Staff members need to be accountable so define responsibility for individual and group targets. This way, when goals or targets aren't reached, we can follow up to find out what happened. Every week, all plans should be reviewed with the leadership team to monitor how the business is doing and what we need to do to get back on track to reach the goals.

The EOS scoreboard business tells us precisely what's happening in the organization at the moment and gives us the power to be proactive. The 5-15 activity-based numbers are tracked and reviewed weekly. One person reports on each number. This creates focus and accountability. The scorecard design lets us view 13 weeks of data at once, and what this does is give us a picture of how our business is doing weekly.

Four: Issues

Here we utilize a three-step approach, namely Identify, Discuss, and Solve (IDS), to manage the issues that prohibit businesses from fulfilling their vision.

Issues are the fourth component of the EOS. Unresolved issues can drain the company's energy. The EOS provides two tools to help the leadership team uncover problems, drill down the cause, discuss solutions, and act on them.

Once we drill down the vision, people, and data comments, issues become transparent across the organization.

The real goal with the "issues component" of EOS is that everyone is comfortable raising their hand and saying, 'They've got an issue,' and can report it somewhere, for it to be solved at some time. Good companies learn to solve problems as quickly as they arise. That's how we stay with the vision, and gain traction. There are two tools for this. First is the issues solving track (for those who like lists, you'll like this one). And then the process of solving them, using the IDS method.

Issues lists can help teams better identify and discuss issues within the company. "The issue solving track" is a three-step process to highlighting and solving issues by making three different types of lists. Organizations need to keep three types of lists: quarterly meetings, a weekly meeting list, and a department issue list.

A quarterly meeting list can address non-urgent company issues in future quarterly leadership meetings, such as technology, HR, and capital needs. A weekly meeting list is strategic, non-department issues that should be addressed at the weekly leadership meetings. Examples include major client issues, and priorities being off track. A department list contains problems that need to be handled at a weekly department meeting. For example not hitting call numbers, upcoming sales presentations, and closes.

With many issues identified, we need a tool for solving them. We should use the IDS approach. First we need to list everything that is problematic and doesn't work. It's crucial that staff members are comfortable reporting or highlighting any concerns. Once the issues have been reported, we can identify what's going on. It's worth noting that there will be issues that are symptomatic of more significant issues within the business. Next comes the discussion element, where everyone has the chance to voice opinions and provide proposed solutions. Finally, we can move to solve problems.

Five: Process

Processes need to be documented so that they're adhered to by everyone on the team. Process is a core ingredient of every organization, and it means "systemizing" the core processes that define how a business is run.

Every company needs a few processes that keep it running. A company's process is its unique way of doing business. When you have a clear and defined way of doing business, your company becomes scalable and more valuable if you decide to sell it.

For the company to thrive, we need to identify, document, and streamline key core processes to keep the business running. So to systematize your business, you need to identify what those key processes are, document each process with a few bullet points and procedures, and ensure everyone is clear on what's expected of them.

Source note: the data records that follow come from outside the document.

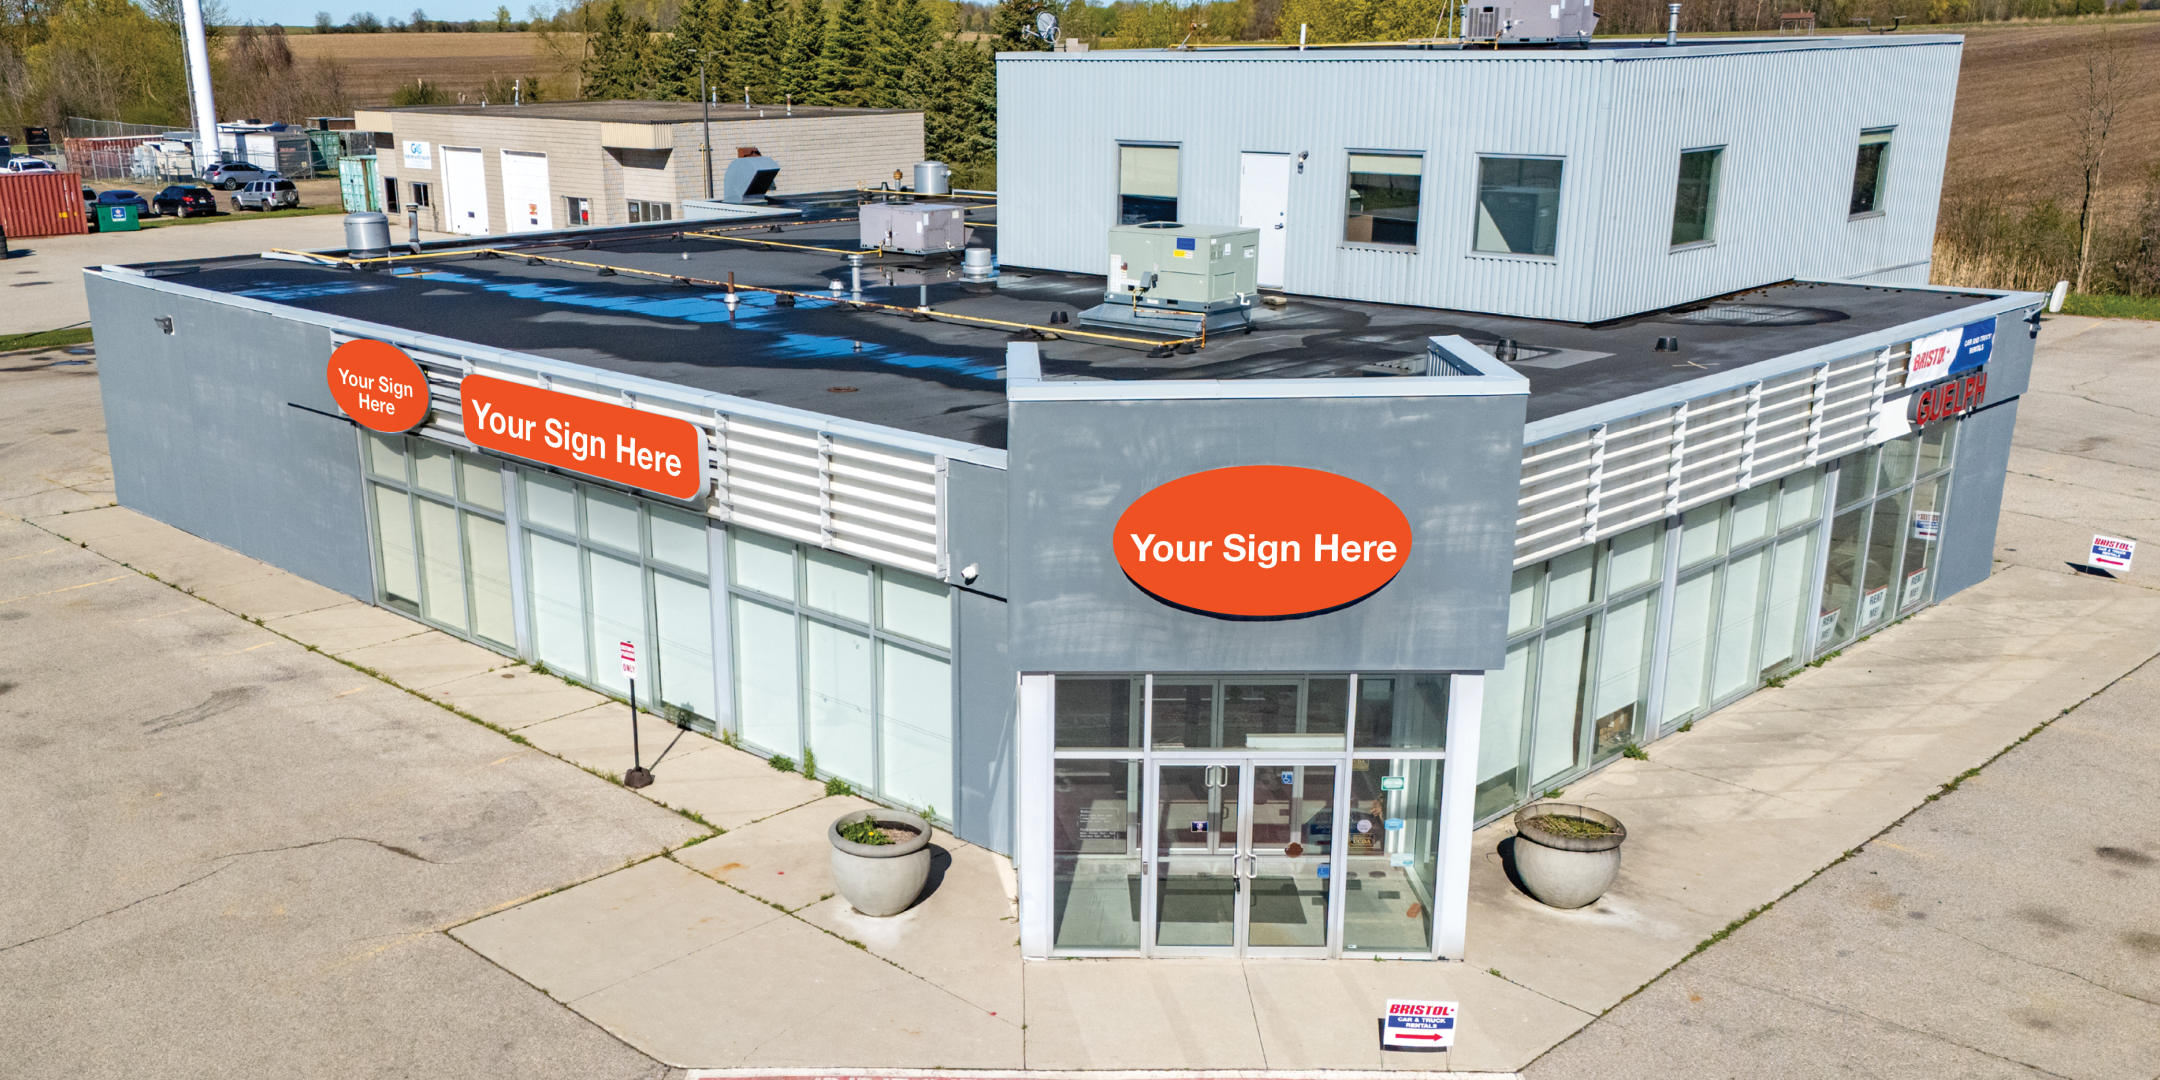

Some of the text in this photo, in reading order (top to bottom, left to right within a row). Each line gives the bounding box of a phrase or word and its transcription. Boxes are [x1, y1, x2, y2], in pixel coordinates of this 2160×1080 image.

[338, 367, 413, 399] Your Sign
[358, 392, 395, 415] Here
[1916, 372, 1987, 425] GUELPH
[471, 398, 682, 477] Your Sign Here
[1130, 533, 1397, 569] Your Sign Here
[2094, 538, 2129, 550] BRISTOL
[1911, 572, 1924, 587] RENT
[1869, 591, 1884, 606] RENT
[1822, 612, 1837, 627] RENT
[1389, 1003, 1450, 1016] BRISTOL
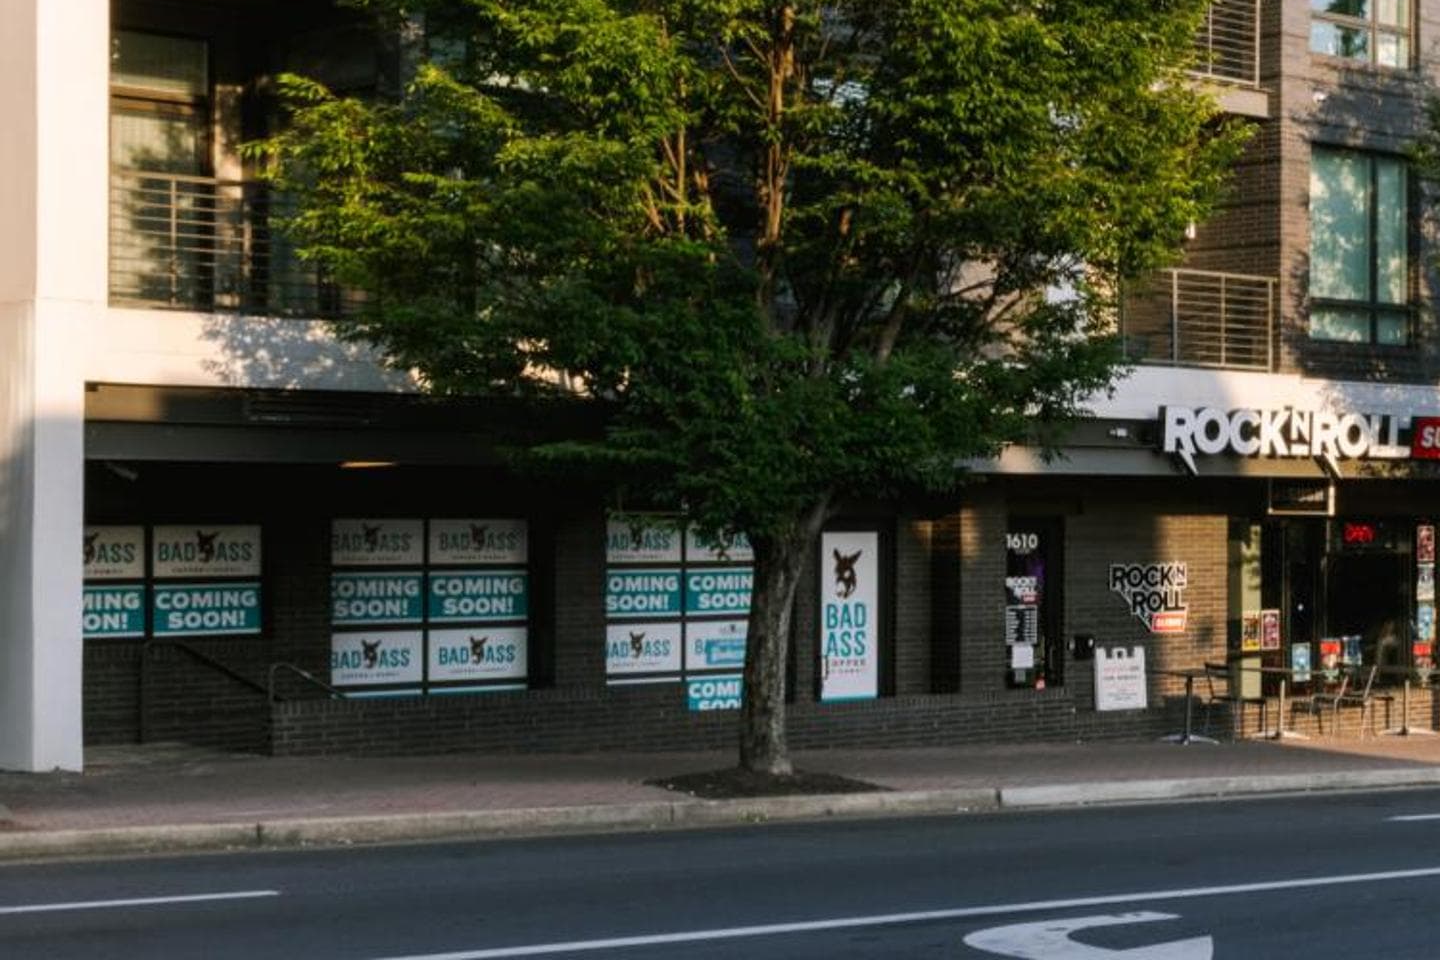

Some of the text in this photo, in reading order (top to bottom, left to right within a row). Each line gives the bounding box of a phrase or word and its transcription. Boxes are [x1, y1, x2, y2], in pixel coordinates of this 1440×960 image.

[1165, 406, 1290, 476] ROCK
[1311, 410, 1410, 478] ROLL
[380, 531, 413, 551] ASS
[439, 530, 520, 551] BAD ASS
[1006, 533, 1038, 549] 1610
[96, 542, 136, 563] ASS
[158, 541, 253, 563] BAD ASS
[431, 577, 524, 596] COMING
[609, 575, 679, 593] OMING
[1112, 566, 1173, 592] ROCK
[83, 591, 140, 611] MING
[155, 590, 258, 610] COMING
[334, 598, 409, 617] SOON!
[442, 596, 514, 615] SOON!
[606, 593, 669, 611] SOON!
[1132, 591, 1186, 616] ROLL
[83, 612, 128, 631] ON!
[167, 610, 246, 629] SOON!
[826, 603, 866, 629] BAD
[644, 638, 671, 657] ASS
[826, 631, 866, 657] ASS
[379, 648, 411, 668] ASS
[439, 644, 517, 665] BAD ASS

Companies generally tend to have three key areas: marketing, human relations, and operation.

Get the leadership team together and make a list of key company processes under each area. Once everyone has agreed on a list, have the people in charge of each key process document what steps fall under each process. For example, the HR head might write down their steps when recruiting, orientating, or terminating employees. Next, review and streamline a company's process and make sure it aligns with its vision. Look at the processes and see what needs further clarification, where redundancies and unnecessary tasks can be eliminated, and where processes can be simplified wherever possible. Place all this information in a document that is saved and freely available for all to see.

Six: Traction

Team members need to be held accountable to 90-day "rocks," or goals.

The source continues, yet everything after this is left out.